Botswana mine closures highlight need for low-cost production

BG Reporter
Monday, 20 June 2016
Botswana mine closures highlight need for low-cost production

The closure of mines in Botswana had placed emphasis on the absolute necessity for low-cost mining production, Econsult Botswana MD Keith Jefferis said on Wednesday.

“If we think we can continue as a mining country without being a low cost producer, that will be a big mistake,” economist Jefferis told the Botswana Resource Sector Conference. Botswana Chamber of Mines CEO Charles Siwawa spoke of the need for the reopening of closed mines to be predicated on the new owners bringing the operations down the cost curve.

The real challenge was to ensure that mines could survive in tough times to enable them to thrive in times of plenty. Drawing attention to the precarious state of a still-operating Botswana nickel mine, which was struggling to produce at the correct cost level, Jefferies said the many mines that had closed in recent years highlighted the lack of focus on low cost production. “Being a low cost producer is absolutely essential,” he emphasised.
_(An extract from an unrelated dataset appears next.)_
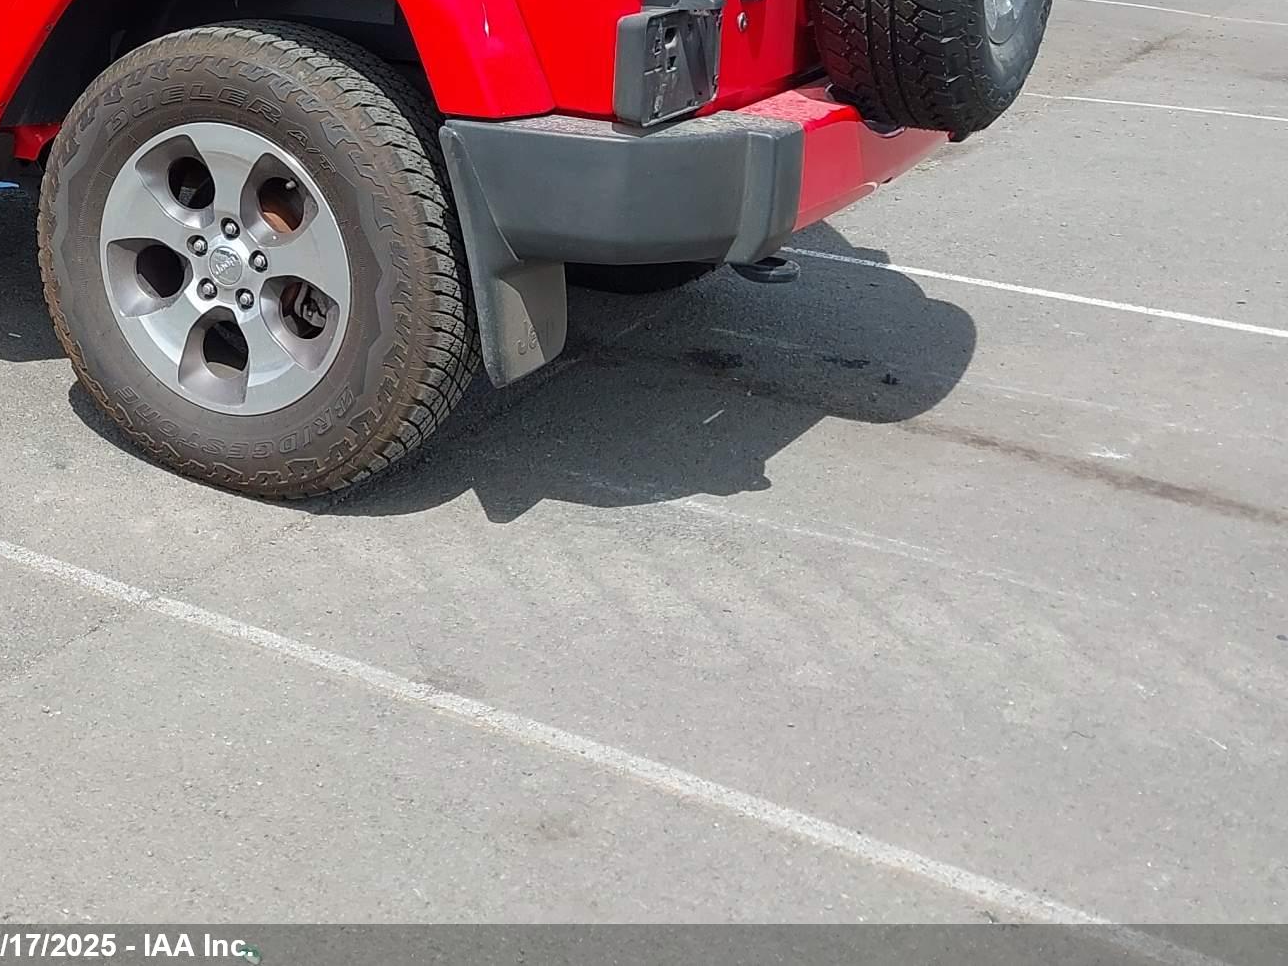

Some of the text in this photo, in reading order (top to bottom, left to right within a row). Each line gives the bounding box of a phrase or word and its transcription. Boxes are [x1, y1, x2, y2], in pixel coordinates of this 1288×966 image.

[103, 82, 338, 175] DUELER A/T
[114, 384, 357, 460] BRIDGESTONE
Copper and nickel had a dismal 2015 on the smelter closure at BCL and the closure of two copper mines.“2015 was a bad year for mining,” the economist commented.

The generation of new jobs was hugely challenging with only 1 000 new jobs created for 40 000 students coming out of the education system.“Mining won’t solve the unemployment problem,” he said, adding that jobs would have to come from elsewhere. Tourism is now completely eclipsing copper and nickel, which were once Botswana’s second largest source of export revenue. The barriers to seaborne coal export would require a big ramp up of the rail, but the $15-billion investment needed was not likely to be made at current low coal prices and general uncertainty around coal.

There had been over enthusiasm over coal, which could not replace diamonds as the margins and profitability of even a large coal industry would not generate anything like the volumes that diamonds had generated. Fortunately, diamond production looked set to continue at 25-million carats a year for two decades, but with an outlook of diminishing profitability.